Here is the reason why so many people are permissive with their children: because they are permissive with their own sin. If you tend to give yourself excuses, you will do the same for your kids. If you are desirous to grow into the image of Christ and put to death the sins in your life, you will seek to drive it out of your children as well.
But if you don’t mind sin in your own life, you won’t mind it in theirs. If you don’t fear disobeying God, you won’t be disturbed by them disobeying God. If you don’t notice sin in your own life, you won’t notice it in theirs either.
III. Permissive parents are simply postponing the pain.
Eli made hundreds, if not thousands, of choices to not deal with sin in his children’s lives. He thought that if he ignored it and showered them with attention, that somehow the good would drive out the bad.

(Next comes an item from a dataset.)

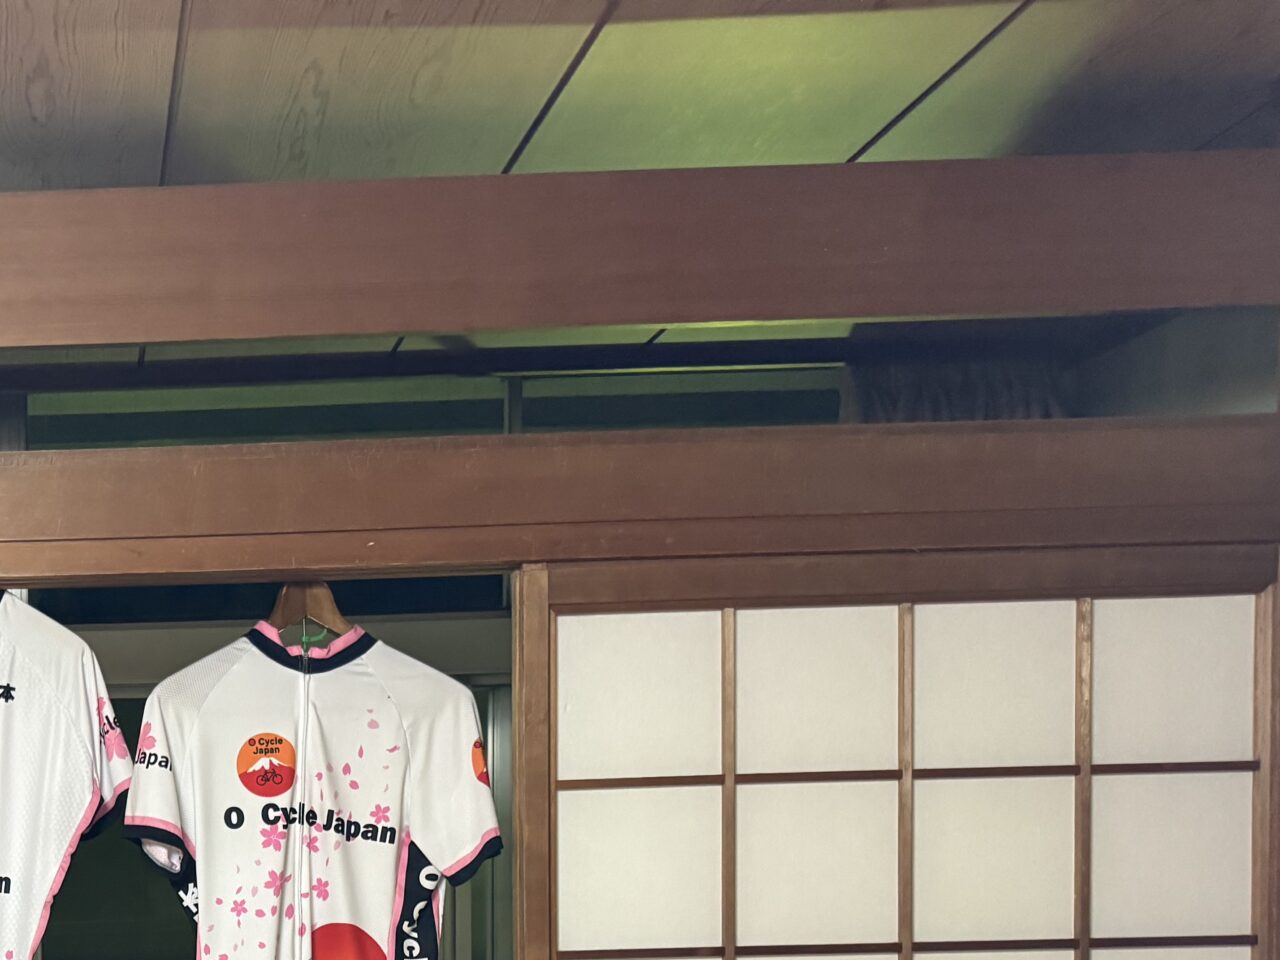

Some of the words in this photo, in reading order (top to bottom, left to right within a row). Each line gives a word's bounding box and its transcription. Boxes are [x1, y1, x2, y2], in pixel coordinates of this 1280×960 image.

He didn’t want to face the pain of dealing with their sin, making them cry, hurting them for God’s sake. So he would put it off.
But in the end, who was it that finally disciplined them?
1 Samuel 4:4 So the people sent to Shiloh, that they might bring from there the ark of the covenant of the LORD of hosts, who dwells between the cherubim. And the two sons of Eli, Hophni and Phinehas, were there with the ark of the covenant of God.
1 Samuel 4:10-11 So the Philistines fought, and Israel was defeated, and every man fled to his tent. There was a very great slaughter, and there fell of Israel thirty thousand foot soldiers. Also the ark of God was captured; and the two sons of Eli, Hophni and Phinehas, died.
In the end, it was God who disciplined them. It’s hard to avoid the conclusion that Eli could have prevented this, if he had embraced the pain of training his children.
Eli thought he was avoiding the pain, but he was just delaying it. The pain of sin cannot be avoided. To avoid disciplining your child, is to let them think they have got away with it and in the end, leave them to the judgement of God. Parenting is a mercy of God, where your rod, used in love trains them to hate sin and flee it. What would you prefer for your child, the pain of your spankings, or the pain of eternal hell?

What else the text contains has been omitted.